EXHIBIT 6.2
ASSIGNMENT OF COPYRIGHT
THIS AGREEMENT dated the 18th day of September, 1998,
BETWEEN:
XXX XXXXXXXXX, Businessman, of 000 Xxxxxxx Xxxxxx,
Xxxxxxxxx #0, Xxxx Xxxxx, Xxxxxxxxxx, 00000
(the "ASSIGNOR")
AND:
DIPPY FOODS, INC., a company incorporated under the laws of Nevada and
having its principal office located at 0000 Xxxxxxxxx Xxxxxx, Xxxxxxx,
Xxxxxxxxxx, 00000
(the "ASSIGNEE")
WHEREAS:
A. pursuant to a Certificate of Registration (#VAu 349-399) dated March 18,
1997, the Assignor is the legal and beneficial owner of the registered
copyright for the Dippy Foods Cover Art (the "COPYRIGHT"), a copy of which
is attached hereto as Schedule "A";
B. the Assignor has agreed to sell and convey all of his right, title and
interest in the Copyright to the Assignee, subject to the terms and
conditions contained in this Agreement;
NOW THEREFORE THIS AGREEMENT WITNESSES that in consideration of the premises and
the mutual promises, covenants, conditions, representations and warranties
hereinafter contained and the sum of Ten ($10.00) Dollars now paid by the
Assignee to the Assignor and for other good and valuable consideration, the
receipt of which is hereby acknowledged, and subject to the terms and conditions
hereinafter set out, the parties hereto have agreed and do hereby agree as
follows:
ARTICLE 1
ASSIGNMENT OF COPYRIGHT
1.1 The Assignor irrevocably and unconditionally assigns, grants, transfers and
sets over unto the Assignee as and from the 18th day of September, 1998, all of
the Assignor's right, title and interest in the Copyright and any other benefits
and advantages to be derived from the Copyright.
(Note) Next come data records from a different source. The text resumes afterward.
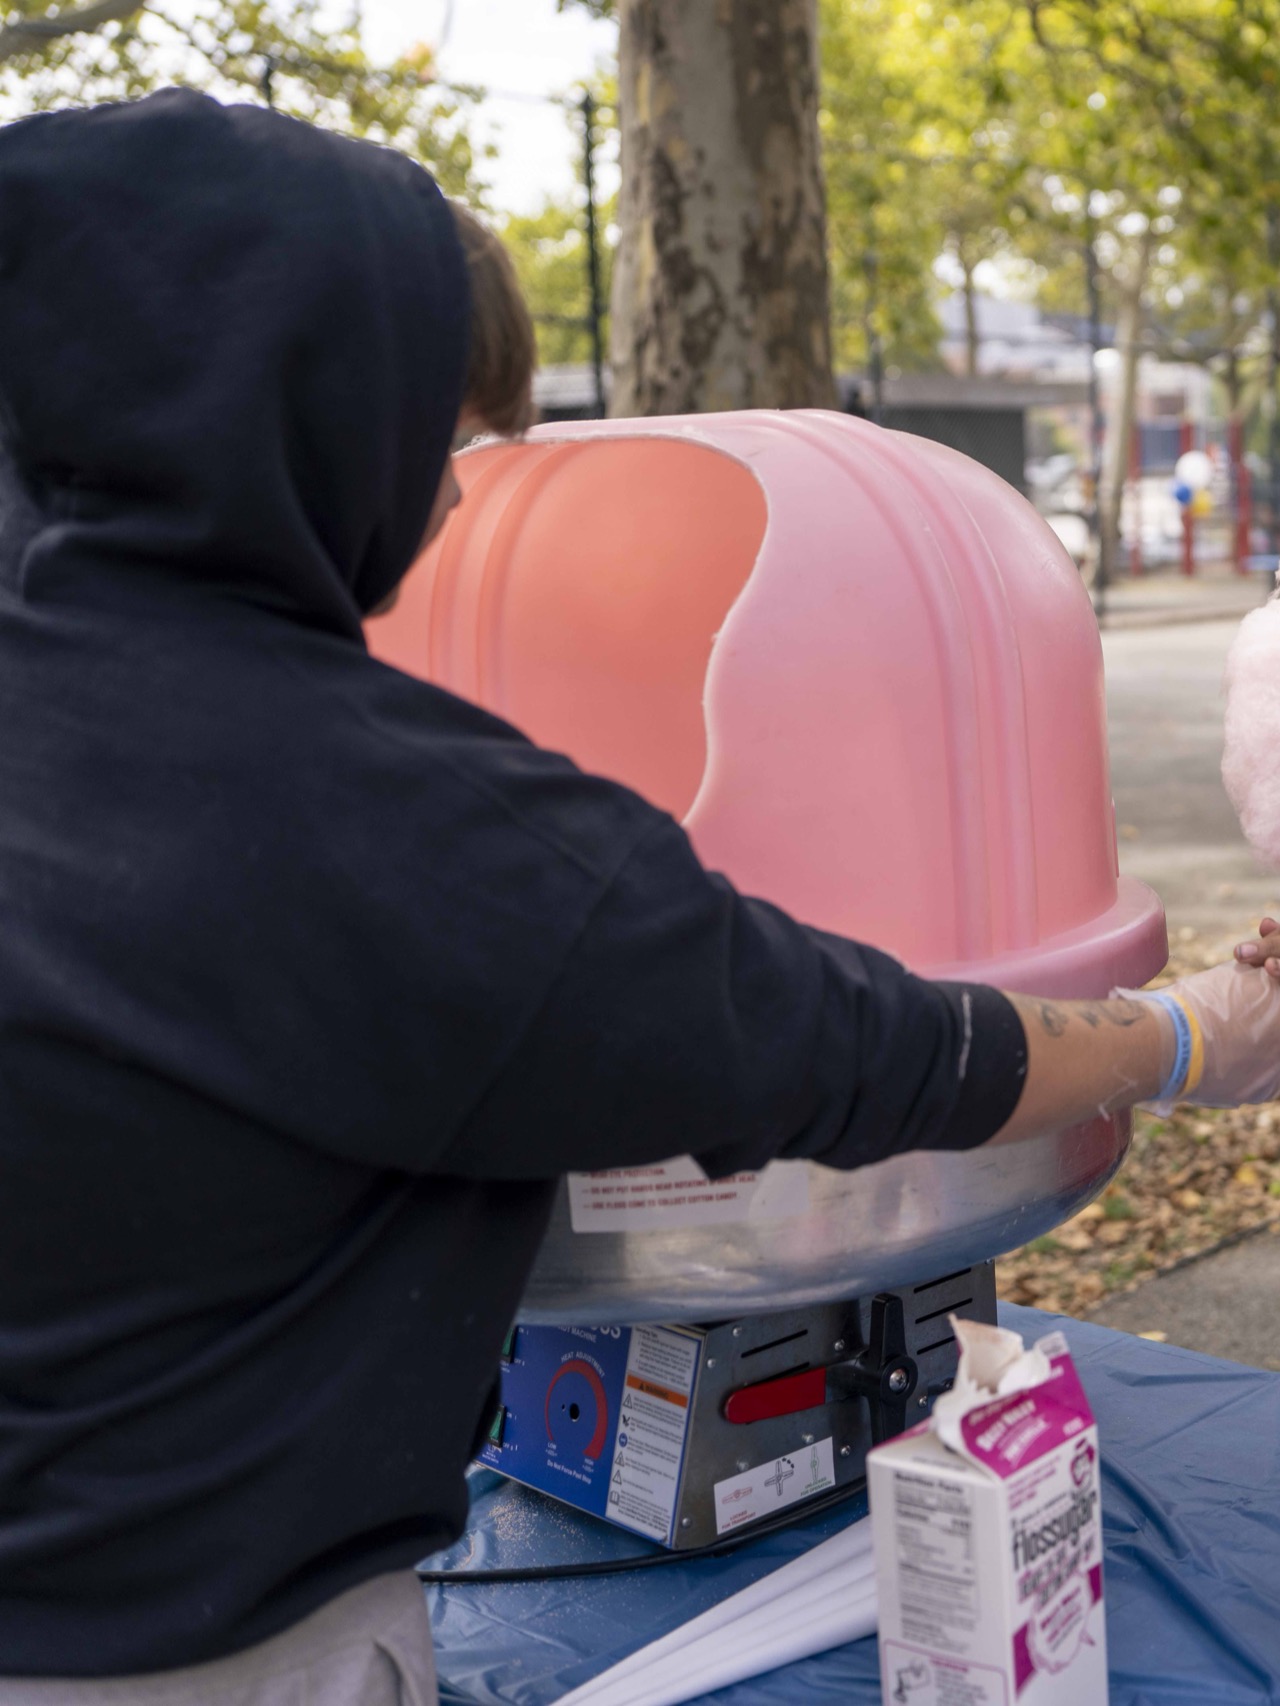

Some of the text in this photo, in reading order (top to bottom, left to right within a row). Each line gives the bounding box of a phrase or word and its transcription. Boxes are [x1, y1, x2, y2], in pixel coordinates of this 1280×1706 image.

[571, 1326, 597, 1343] MACHINE
[560, 1352, 605, 1378] HEAT ADJUSTMENT
[561, 1465, 573, 1476] Force
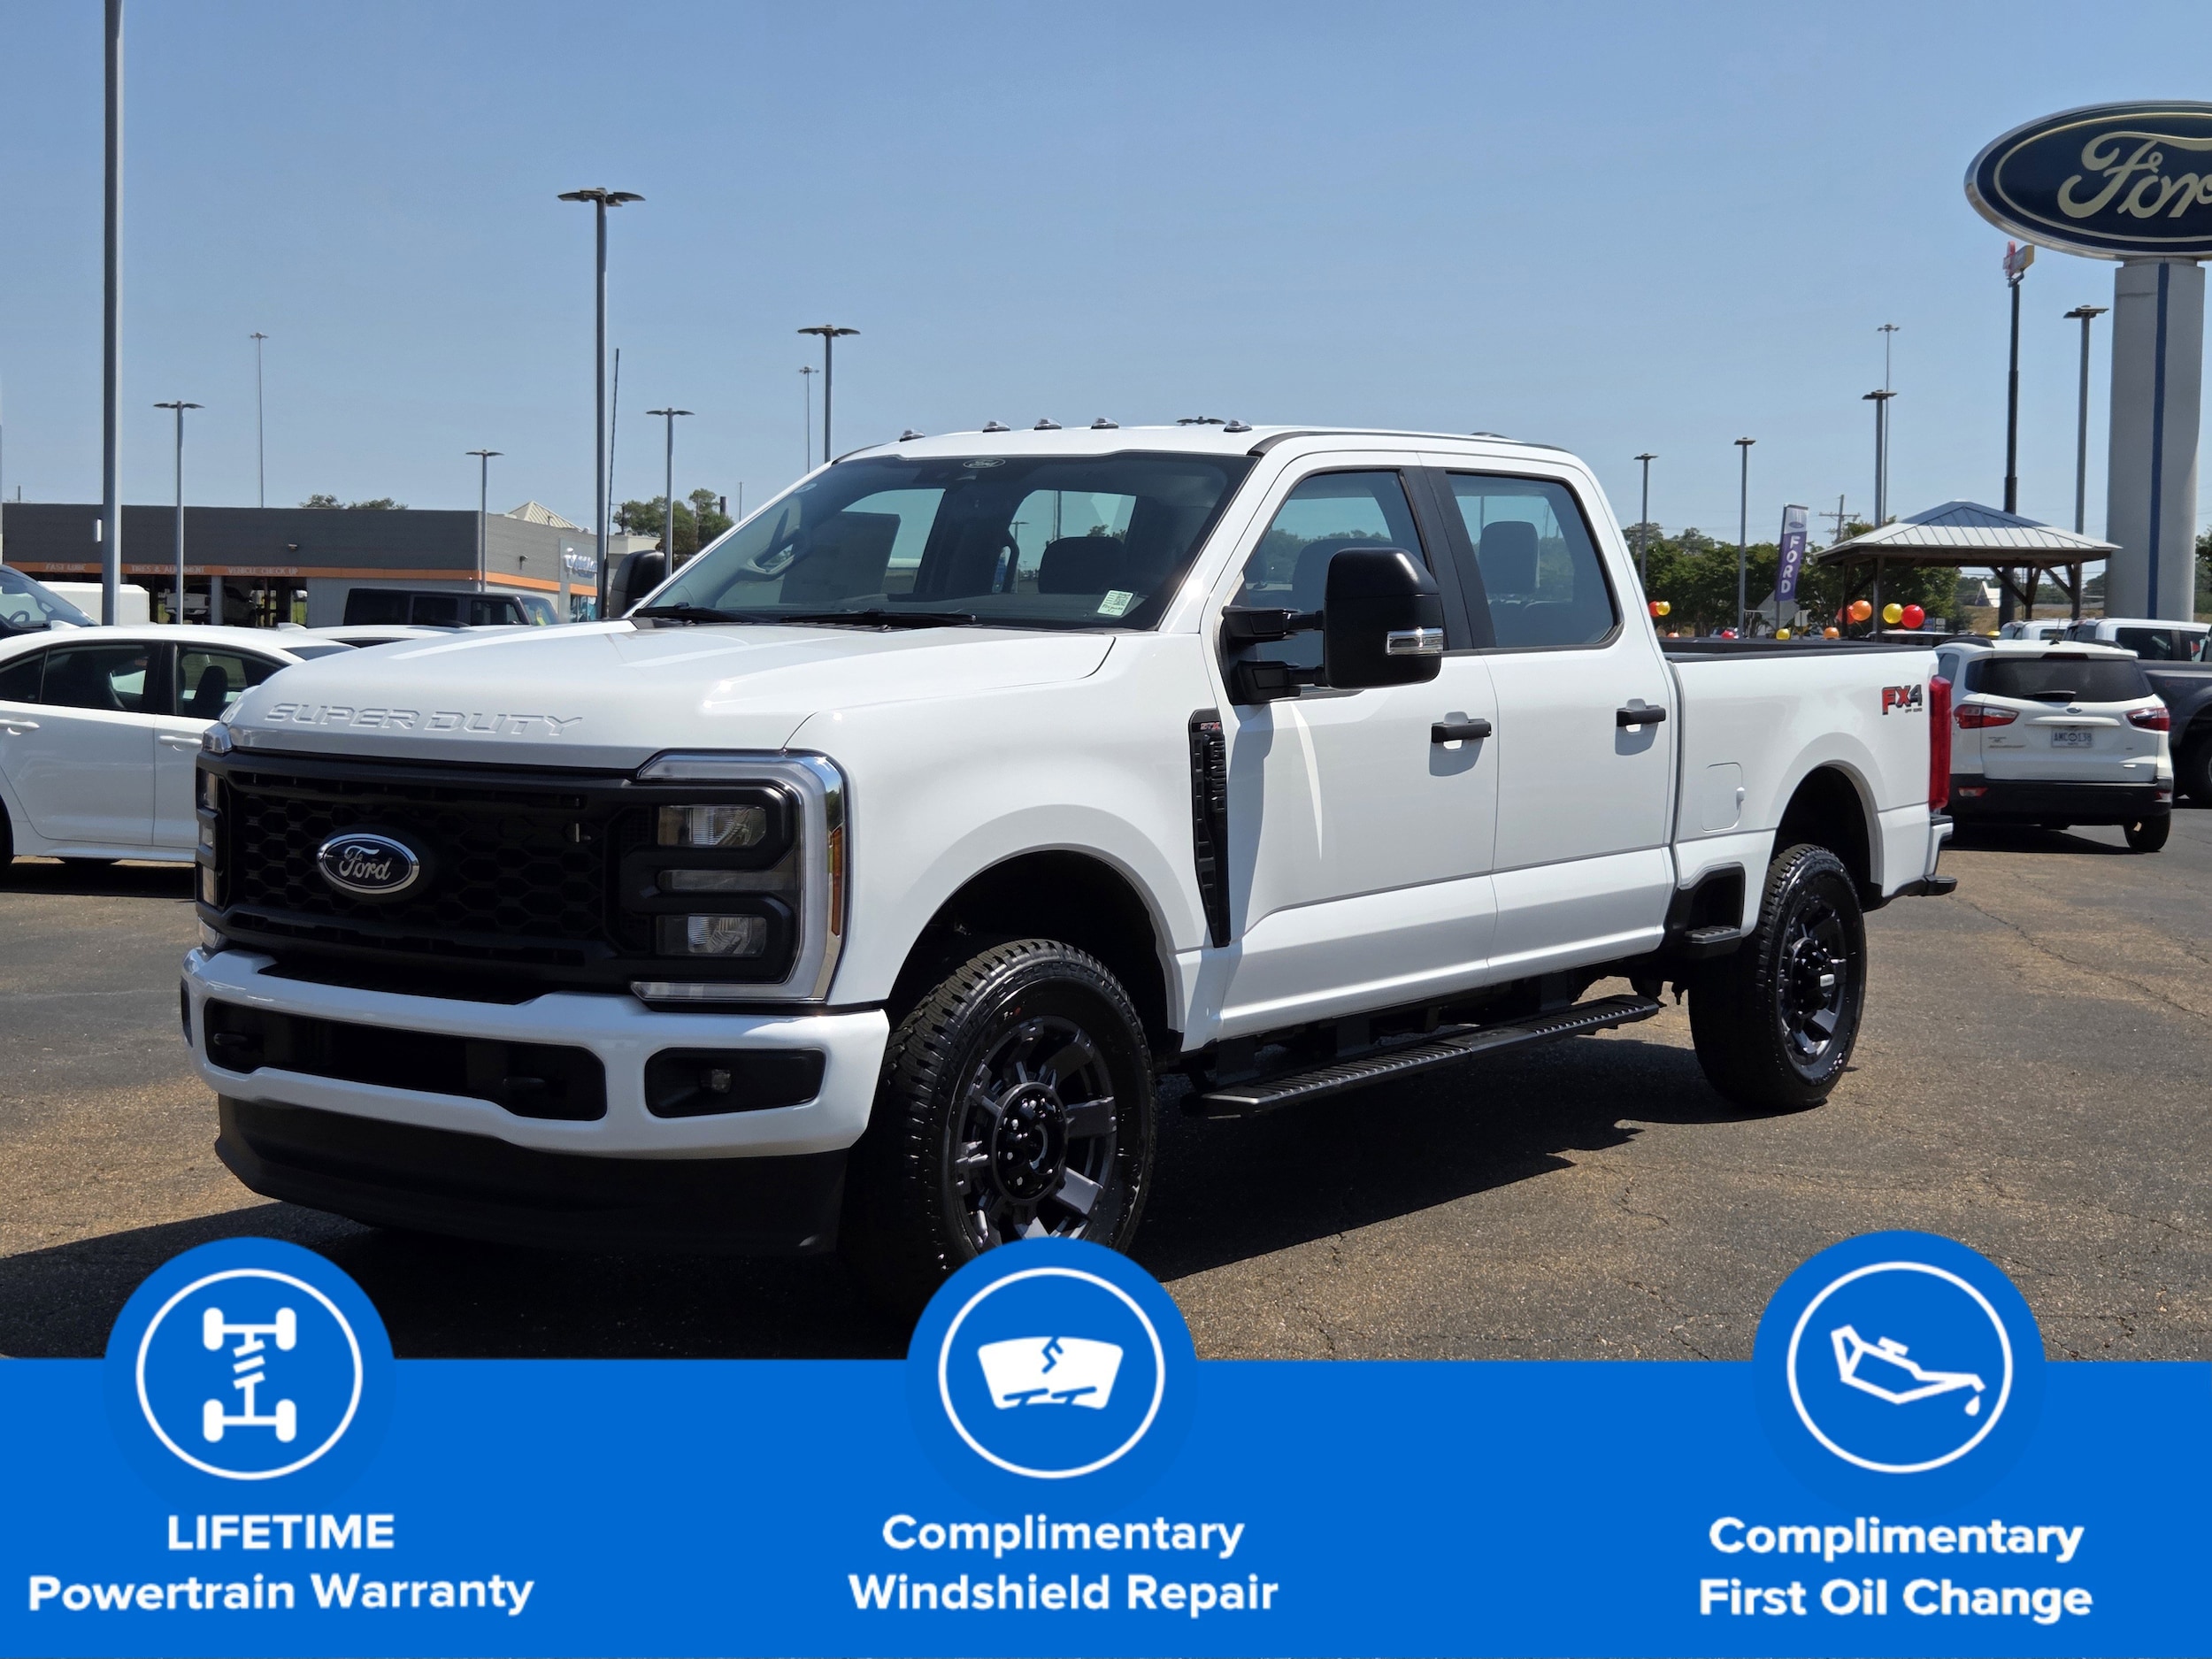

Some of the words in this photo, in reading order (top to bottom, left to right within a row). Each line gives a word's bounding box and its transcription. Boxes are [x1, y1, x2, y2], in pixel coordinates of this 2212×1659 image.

[45, 563, 65, 572] FAST
[66, 564, 87, 572] LUBE
[1780, 534, 1801, 594] FORD
[1882, 684, 1923, 715] FX4
[265, 703, 420, 730] SUPER
[424, 711, 584, 736] DUTY
[339, 845, 393, 880] Ford
1.2 The purchase price payable to the Assignor for the Copyright is the
aggregate sum of $8,500.00 (the "PURCHASE PRICE").
1.3 The Purchase Price will be paid by the Assignee to the Assignor by the
issuance of 850,000 Common Capital Shares in the stock of the Assignee.
2
ARTICLE 2
ASSIGNOR'S REPRESENTATIONS, WARRANTIES, AND COVENANTS
2.1 The Assignor represents, warrants, and covenants to the Assignee that:
(a) the Assignor has good right, full power and absolute authority to
assign its interest in the Copyright to the Assignee;
(b) with the exception of this Agreement, no person other than the
Assignor has any right, present or future, contingent or absolute, to
purchase or acquire an interest in the Copyright or to require the
Assignor to grant an option or right to purchase the Copyright; and
(c) the Assignor holds the legal title of the Copyright in trust for the
Assignee.
ARTICLE 3
ASSIGNEE'S AUTHORITY TO ACCEPT ASSIGNMENT OF THE COPYRIGHT
3.1 The Assignee represents and warrants to the Assignor that it has good
right, full power and absolute authority to accept the assignment of the
Assignor's interest in the Copyright.
ARTICLE 4
SEVERABILITY
4.1 If any one or more of the provisions contained herein should be invalid,
illegal or unenforceable in any respect in any jurisdiction, the validity,
legality and enforceability of such provisions shall not in any way be affected
or impaired thereby in any other jurisdiction and the validity, legality and
enforceability of the remaining provisions contained herein shall not in any way
be affected or impaired thereby.
ARTICLE 5
FURTHER ASSURANCES
5.1 Each of the parties covenants and agrees, from time to time and at all
times, to do all such further acts and execute and deliver all such further
deeds and documents as shall be reasonably required in order to fully perform
and carry out the terms and intent of this Agreement.
ARTICLE 6
GOVERNING LAW
6.1 This Agreement and all provisions hereof shall be governed by and construed
in accordance with the laws of the State of California and of the United Stated
applicable therein and shall be treated in all respects as a California
contract.
3
ARTICLE 7
ENUREMENT
7.1 This Assignment shall extend and enure to the benefit of the Assignee, and
its successors and assigns and shall be binding upon the Assignor and his
respective successors and assigns.
ARTICLE 8
HEADINGS, ET AL
8.1 The division of this Agreement into sections and the insertion of headings
are for convenience and reference only and shall not affect the construction or
interpretation of this Agreement.
IN WITNESS WHEREOF the parties hereto signed this Agreement as of the day
and year first above written.
SIGNED, SEALED and DELIVERED )
by in the presence of: )
)
"Xxxx Xxxxxxxxx" )
---------------------------------- )
Signature of Witness )
) "XXX XXXXXXXXX"
) ------------------------
Xxxx Xxxxxxxxx ) XXX XXXXXXXXX
---------------------------------- )
Print Name )
)
0000 Xxxx Xxxxxx 1B )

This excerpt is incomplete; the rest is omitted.